One of the particular cases of change of variables is the transformation from Cartesian to polar coordinate system \(\left({\text{Figure }1}\right):\)

\[x = r\cos \theta ,\;\;y = r\sin \theta .\]

Polar coordinate system
Figure 1.

The Jacobian determinant for this transformation is

\[ {\frac{{\partial \left( {x,y} \right)}}{{\partial \left( {r,\theta } \right)}} } = {\left| {\begin{array}{*{20}{c}} {\frac{{\partial x}}{{\partial r}}}&{\frac{{\partial x}}{{\partial \theta }}}\\ {\frac{{\partial y}}{{\partial r}}}&{\frac{{\partial y}}{{\partial \theta }}} \end{array}} \right| } = {\left| {\begin{array}{*{20}{c}} {\frac{{\partial \left( {r\cos \theta } \right)}}{{\partial r}}}&{\frac{{\partial \left( {r\cos \theta } \right)}}{{\partial \theta }}}\\ {\frac{{\partial \left( {r\sin \theta } \right)}}{{\partial r}}}&{\frac{{\partial \left( {r\sin \theta } \right)}}{{\partial \theta }}} \end{array}} \right| } = {\left| {\begin{array}{*{20}{c}} {\cos \theta }&{ – r\sin \theta }\\ {\sin\theta }&{r\cos \theta } \end{array}} \right| } = {\cos \theta \cdot r\cos \theta }-{ \left( { – r\sin \theta } \right) \cdot \sin \theta } = {r\,{\cos ^2}\theta + r\,{\sin ^2}\theta } = {r\left( {{{\cos }^2}\theta + {{\sin }^2}\theta } \right) }={ r.} \]

As a result, the differential for polar coordinates is

\[
{dxdy }={ \left| {\frac{{\partial \left( {x,y} \right)}}{{\partial \left( {r,\theta } \right)}}} \right|drd\theta }
= {rdrd\theta .}
\]

Let the region \(R\) in polar coordinates be defined as follows (Figure \(2\)):

\[
{0 \le g\left( \theta \right) \le r \le h\left( \theta \right),\;\;}\kern-0.3pt
{\alpha \le \theta \le \beta ,\;\;}\kern-0.3pt
{\text{where}\;\;\beta – \alpha \le 2\pi .}
\]

A region of integration in polar coordinates
Figure 2.
Polar rectangle
Figure 3.

Then the double integral in polar coordinates is given by the formula

\[
{\iint\limits_R {f\left( {x,y} \right)dxdy} }
= {\int\limits_\alpha ^\beta {\int\limits_{g\left( \theta \right)}^{h\left( \theta \right)} {f\left( {r\cos \theta ,r\sin \theta } \right)rdrd\theta } } }
\]

The region of integration (Figure \(3\)) is called the polar rectangle if it satisfies the following conditions:

\[
{0 \le a \le r \le b,\;\;}\kern-0.3pt
{\alpha \le \theta \le \beta ,\;\;}\kern-0.3pt
{\text{where}\;\;\beta – \alpha \le 2\pi .}
\]

In this case the formula for change of variables can be written as

\[
{\iint\limits_R {f\left( {x,y} \right)dxdy} }
= {\int\limits_\alpha ^\beta {\int\limits_{a}^{b} {f\left( {r\cos \theta ,r\sin \theta } \right)rdrd\theta } } .}
\]

Be careful not to forget the factor \(r\) (the Jacobian) in the right-hand side of the formula!


Solved Problems

Click or tap a problem to see the solution.

Example 1

Calculate the double integral \(\iint\limits_R {\left( {{x^2} + {y^2}} \right)dydx}\) by transforming to polar coordinates.
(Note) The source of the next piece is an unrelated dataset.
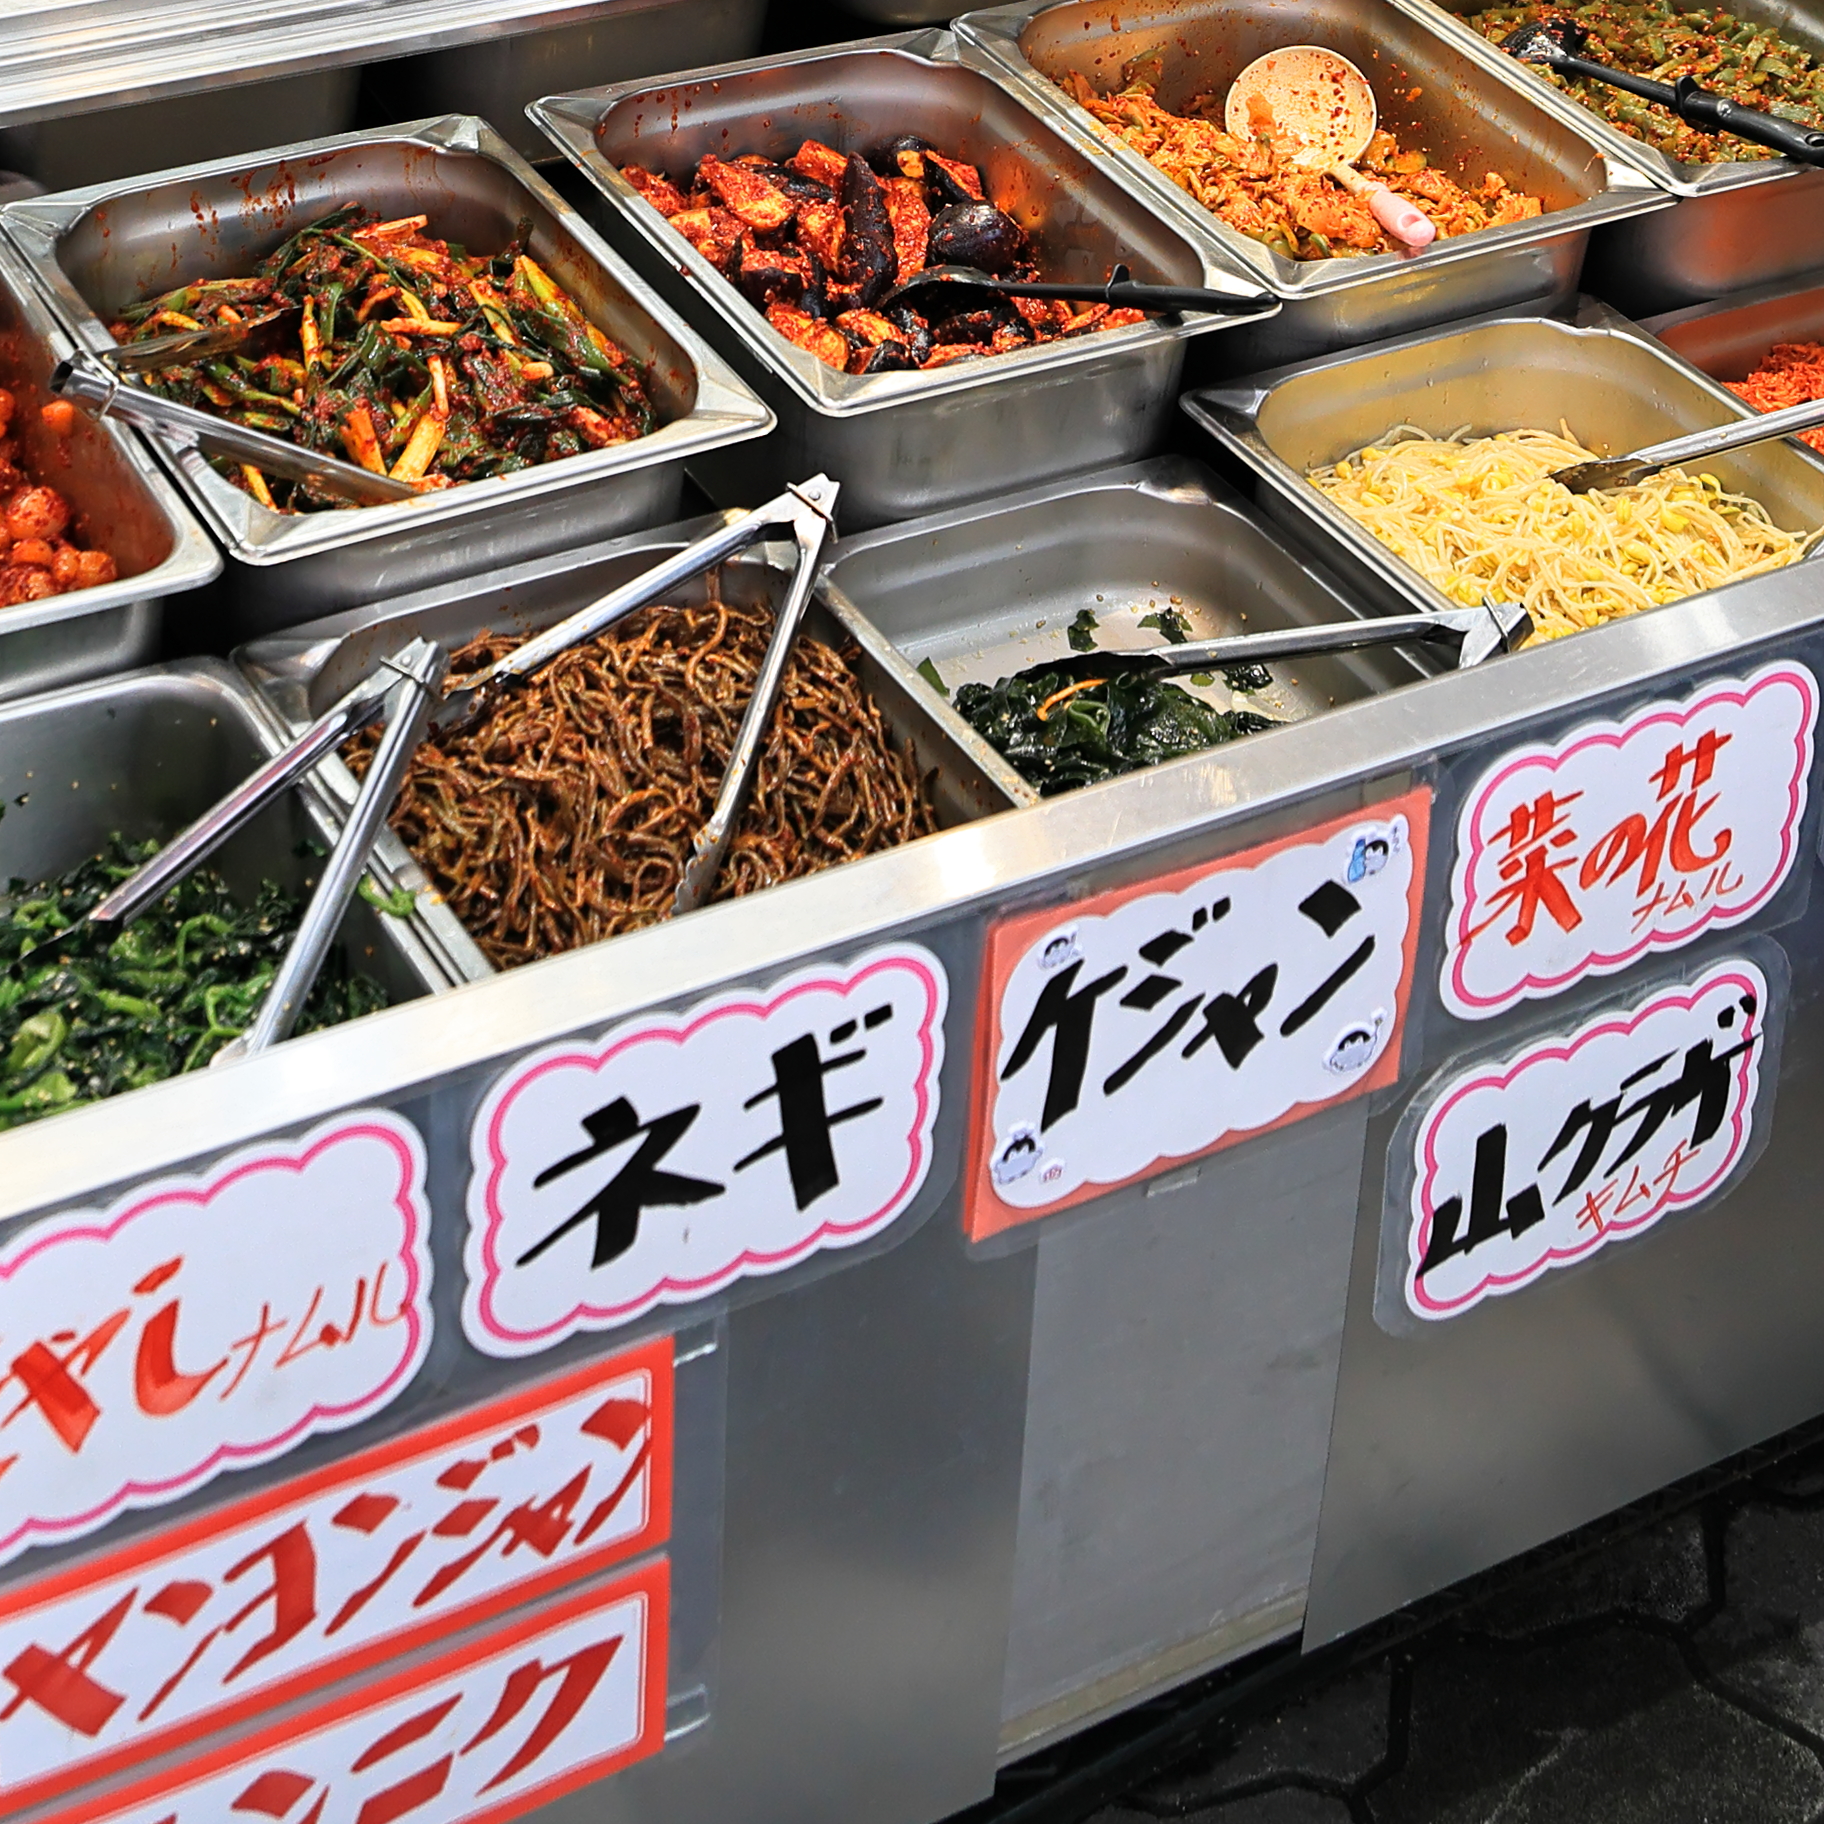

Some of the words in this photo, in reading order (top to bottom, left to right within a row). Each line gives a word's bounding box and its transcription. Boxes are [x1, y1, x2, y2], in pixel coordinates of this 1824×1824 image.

The region of integration \(R\) is the sector \(0 \le \theta \le {\large\frac{\pi }{2}\normalsize}\) of a circle with radius \(r = \sqrt 3.\)

Example 2

Evaluate the integral \(\iint\limits_R {xydydx},\) where the region of integration \(R\) lies in the sector \(0 \le \theta \le \large{\frac{\pi}{2}}\normalsize\) between the curves \({x^2} + {y^2} = 1\) and \({x^2} + {y^2} = 5.\)

Example 3

Evaluate the integral \(\iint\limits_R {\sin \theta drd\theta },\) where the region of integration \(R\) is enclosed by the upper half of cardioid \(r = 1 + \cos \theta \) and the \(x-\)axis (Figure \(6\)).

Example 4

Calculate the double integral \(\iint\limits_R {\left( {{x^2} + {y^2}} \right)dxdy} \) in the circle \({x^2} + {y^2} = 2x.\)

Example 5

Calculate the double integral \(\iint\limits_R {\sin \sqrt {{x^2} + {y^2}} dxdy} \) by transforming to polar coordinates. The region \(R\) is the disk \({x^2} + {y^2} \le {\pi ^2}.\)

Example 1.

Calculate the double integral \(\iint\limits_R {\left( {{x^2} + {y^2}} \right)dydx}\) by transforming to polar coordinates. The region of integration \(R\) is the sector \(0 \le \theta \le {\large\frac{\pi }{2}\normalsize}\) of a circle with radius \(r = \sqrt 3.\)

Solution.

The region \(R\) is the polar rectangle \(\left({\text{Figure }4}\right)\) and described by the set

\[{R }={ \Big\{ {\left( {r,\theta } \right)|\;0 \le r \le \sqrt 3 ,\; }}\kern0pt{{ 0 \le \theta \le {\frac{\pi }{2}}} \Big\} }.\]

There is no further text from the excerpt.